WORK INSTRUCTION
The copy you give must match the listing below exactly and contain no pictures.

GIVEN RECORDS
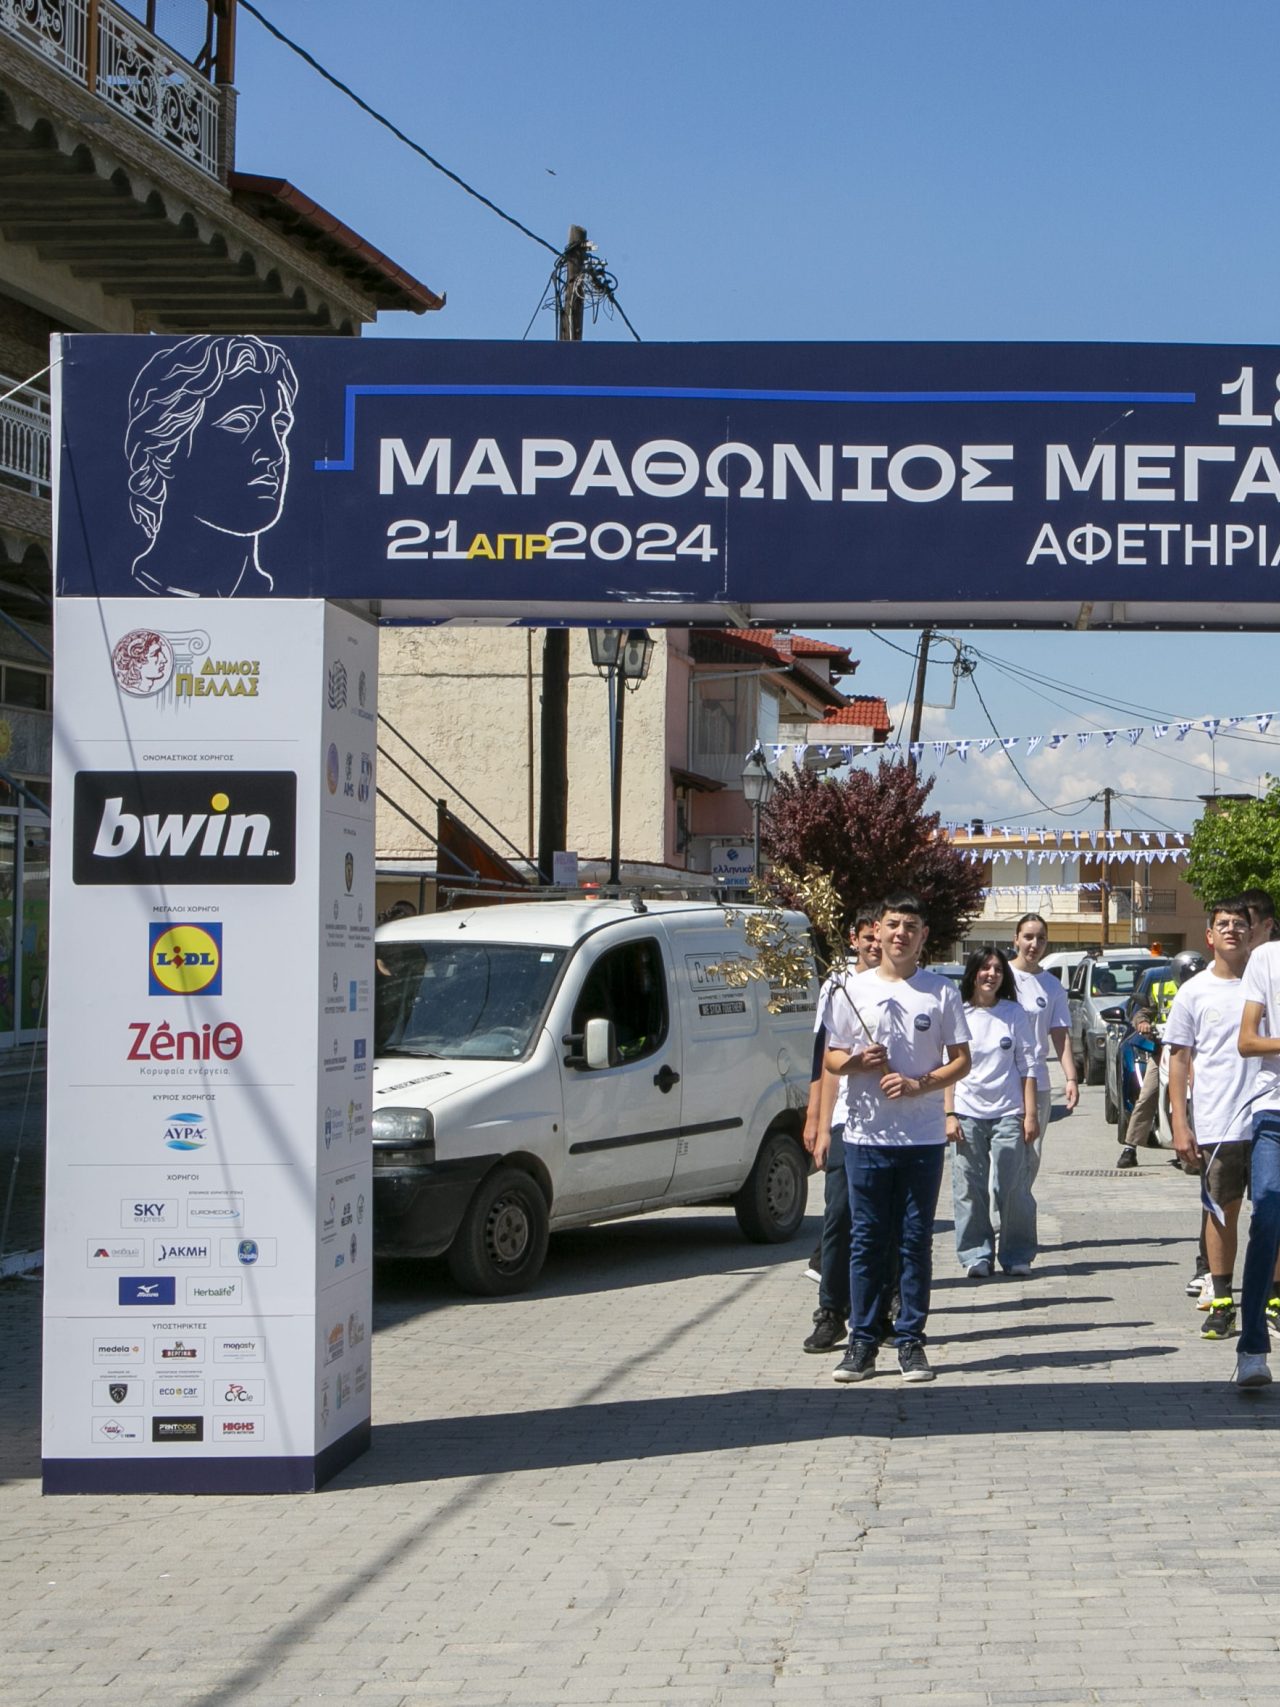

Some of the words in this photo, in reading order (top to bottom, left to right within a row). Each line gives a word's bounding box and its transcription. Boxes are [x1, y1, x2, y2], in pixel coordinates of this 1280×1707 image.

[379, 437, 1014, 503] ΜΑΡΑΘΩΝΙΟΣ
[200, 656, 261, 676] ΔΗΜΟΣ
[174, 673, 260, 696] ΠΕΛΛΑΣ
[142, 754, 198, 762] ΟΝΟΜΑΣΤΙΚΟΣ
[91, 792, 271, 858] bwin
[152, 905, 185, 913] ΜΕΓΑΛΟΙ
[187, 905, 220, 913] ΧΟΡΗΓΟΙ
[139, 1066, 185, 1076] Κορυφαία
[166, 1173, 200, 1181] ΧΟΡΗΓΟΙ
[134, 1203, 165, 1216] SKY
[134, 1215, 165, 1223] express
[168, 1246, 207, 1257] ΑΚΜΗ
[193, 1287, 232, 1297] Herbalife
[151, 1322, 207, 1330] ΥΠΟΣΤΗΡΙΚΤΕΣ
[98, 1345, 130, 1354] medela
[159, 1387, 176, 1397] eco
[183, 1386, 198, 1397] car

OUTPUT OF THE EXERCISE
Some of the words in this photo, in reading order (top to bottom, left to right within a row). Each line gives a word's bounding box and its transcription. Boxes are [x1, y1, x2, y2], in pixel coordinates of this 1280×1707 image.

[379, 437, 1014, 503] ΜΑΡΑΘΩΝΙΟΣ
[200, 656, 261, 676] ΔΗΜΟΣ
[174, 673, 260, 696] ΠΕΛΛΑΣ
[142, 754, 198, 762] ΟΝΟΜΑΣΤΙΚΟΣ
[91, 792, 271, 858] bwin
[152, 905, 185, 913] ΜΕΓΑΛΟΙ
[187, 905, 220, 913] ΧΟΡΗΓΟΙ
[139, 1066, 185, 1076] Κορυφαία
[166, 1173, 200, 1181] ΧΟΡΗΓΟΙ
[134, 1203, 165, 1216] SKY
[134, 1215, 165, 1223] express
[168, 1246, 207, 1257] ΑΚΜΗ
[193, 1287, 232, 1297] Herbalife
[151, 1322, 207, 1330] ΥΠΟΣΤΗΡΙΚΤΕΣ
[98, 1345, 130, 1354] medela
[159, 1387, 176, 1397] eco
[183, 1386, 198, 1397] car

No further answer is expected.